Students will then create the vane by first cutting both a triangle and a trapezoid out of card stock. Next, they will cut slits in the second straw to insert the triangle on one side and the trapezoid on the other. They must find the center of gravity by balancing the straw on their finger. Then they can push a pin through that point and through the tape on the top of the other straw. Finally, they will make sure it spins easily and fill the cup with some water to hold it in place.

At this point, students can go outside or somewhere where air is flowing to test their weathervane. They will observe which direction the wind is coming from and write it down on the space provided on the worksheet.

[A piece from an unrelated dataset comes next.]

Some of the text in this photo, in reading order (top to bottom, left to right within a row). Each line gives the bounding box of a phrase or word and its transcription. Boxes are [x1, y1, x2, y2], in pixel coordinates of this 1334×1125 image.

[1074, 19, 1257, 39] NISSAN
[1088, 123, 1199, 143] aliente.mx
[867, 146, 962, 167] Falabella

MAKE AN ANEMOMETER PRACTICE WORKSHEET

An anemometer measure how fast the wind is blowing. Students will create one of their own for the practice worksheet. They will start by making the base out of a cup and lid just as they did for the activity. Then they will make the top by punching two holes across from each other in four small paper cups. They should then place an X on one of the cups with a permanent marker.

Next, students will make a plus sign with two straws and poke a pin through the middle of them. They will place a cup on each straw end through the holes they made and ensure the cups all face the same direction. After they fill the base cup with water to keep it stable, they will take their anemometers outside in the wind.

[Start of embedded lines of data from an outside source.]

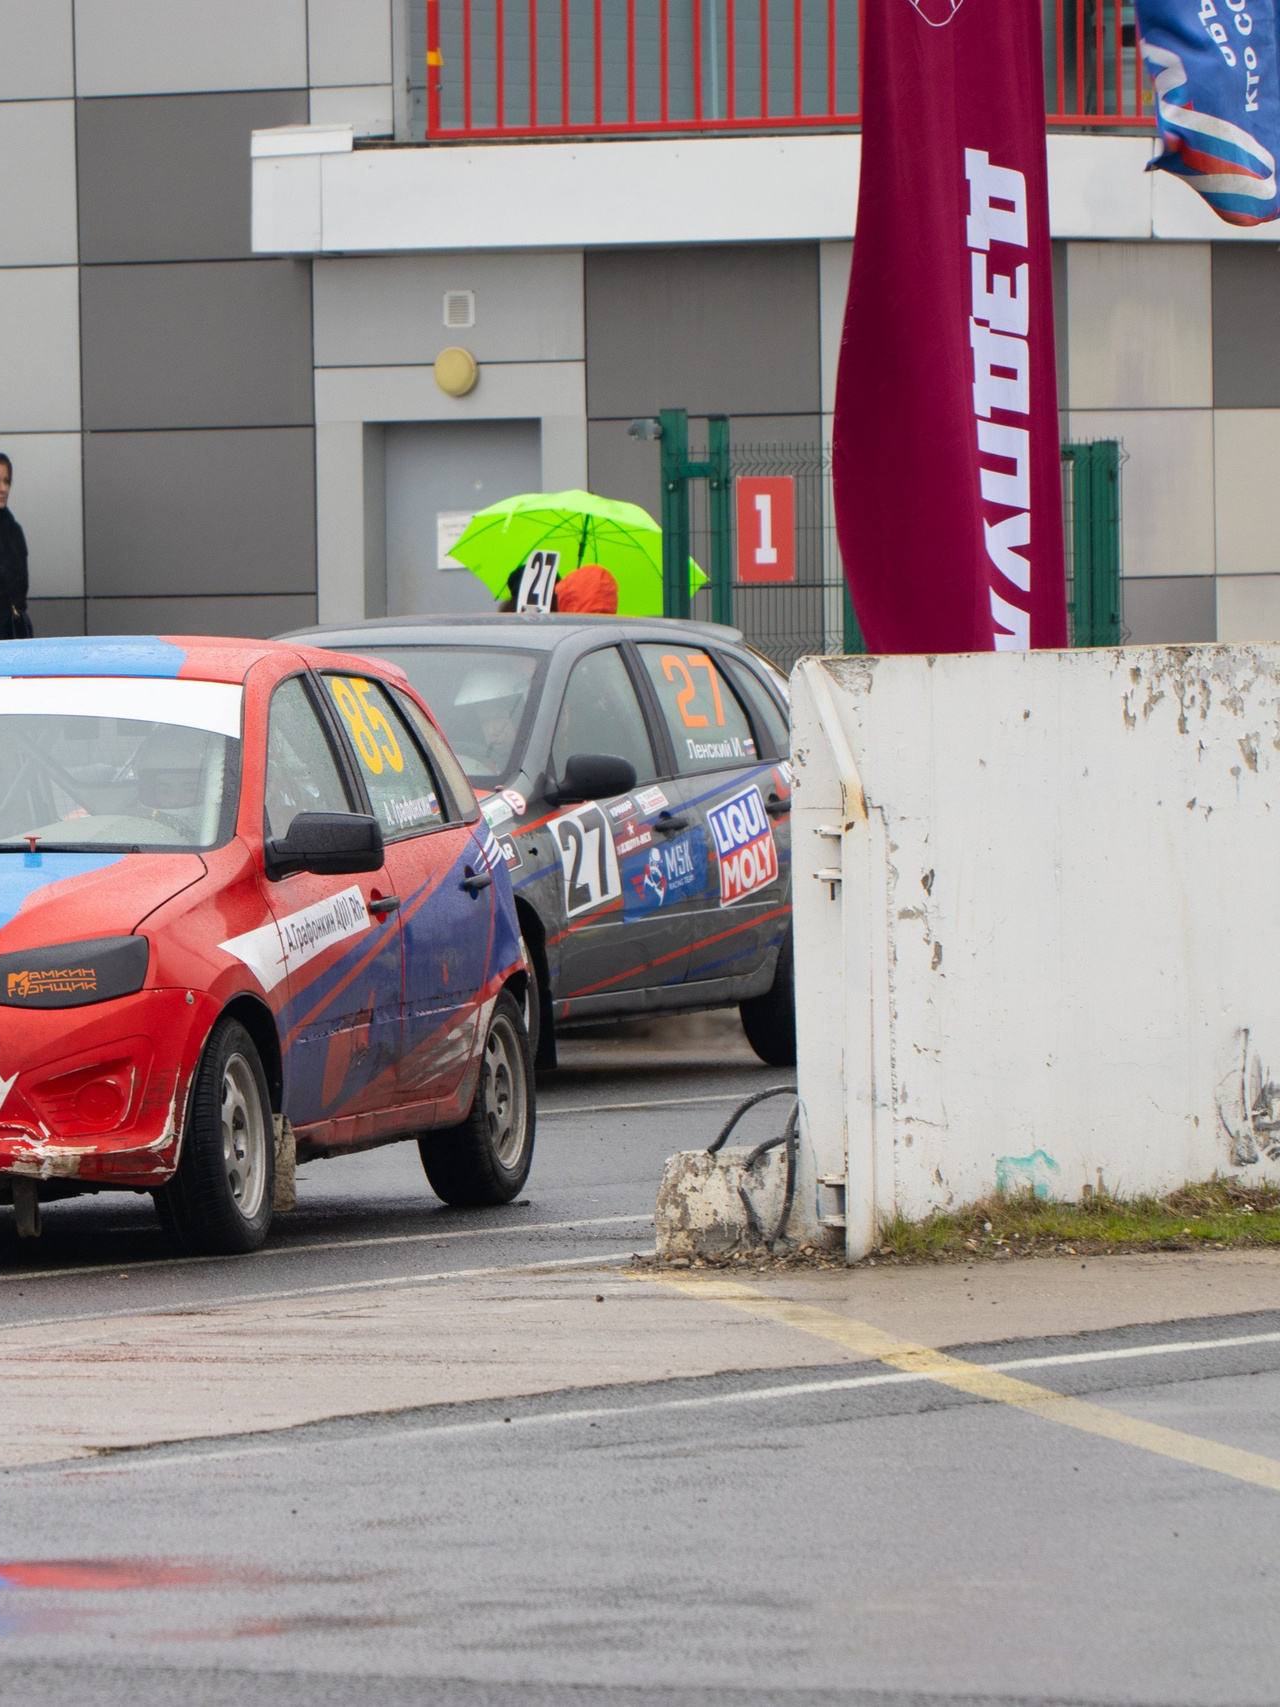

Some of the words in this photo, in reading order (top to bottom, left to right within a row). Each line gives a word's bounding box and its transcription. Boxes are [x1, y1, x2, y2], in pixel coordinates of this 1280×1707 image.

[1244, 46, 1260, 112] КТО
[755, 495, 778, 565] 1
[526, 551, 558, 606] 27
[661, 654, 725, 728] 27
[331, 678, 404, 775] 85
[686, 738, 732, 759] Ленский
[712, 792, 767, 854] LIQUI
[558, 807, 609, 913] 27
[665, 840, 695, 881] MSK
[722, 836, 771, 899] MOLY
[7, 968, 96, 989] МАМКИН
[7, 981, 98, 998] ГОНЩИК

You can set a timer for one minute. Students will count the number of times the cup with the X passes their view within that minute. They will record the number of rotations on the table on the worksheet. Then they will repeat the trial two more times, each for one minute, and record the number of rotations each time.

STORMS, TORNADOS, AND HURRICANES STEM HOMEWORK ASSIGNMENT

For the homework assignment, students will track a current storm or hurricane (or one from a previous year) using the chart at the bottom of the page. They will go to the website that the worksheet provides to find a current storm. Then, they will plot the points on the map. In addition, they will write some information about that storm on the blank lines above the map.

Worksheet Answer Keys

There is an answer key for the homework assignment at the end of the lesson plan document. It provides a guide that you could allow students to reference, but it is just a sample response. If you choose to administer the lesson pages to your students via PDF, you will need to save a new file that omits this page. Otherwise, you can simply print out the applicable pages and keep this as reference for yourself when grading assignments.

Additional information

grade-level

4th Grade, 5th Grade, 6th Grade

subject

Science

State Educational Standards

NGSS.3-ESS2-1, NGSS.MS-ESS2-6, NGSS.MS-ESS3-2

Lessons are aligned to meet the education objectives and goals of most states. For more information on your state objectives, contact your local Board of Education or Department of Education in your state.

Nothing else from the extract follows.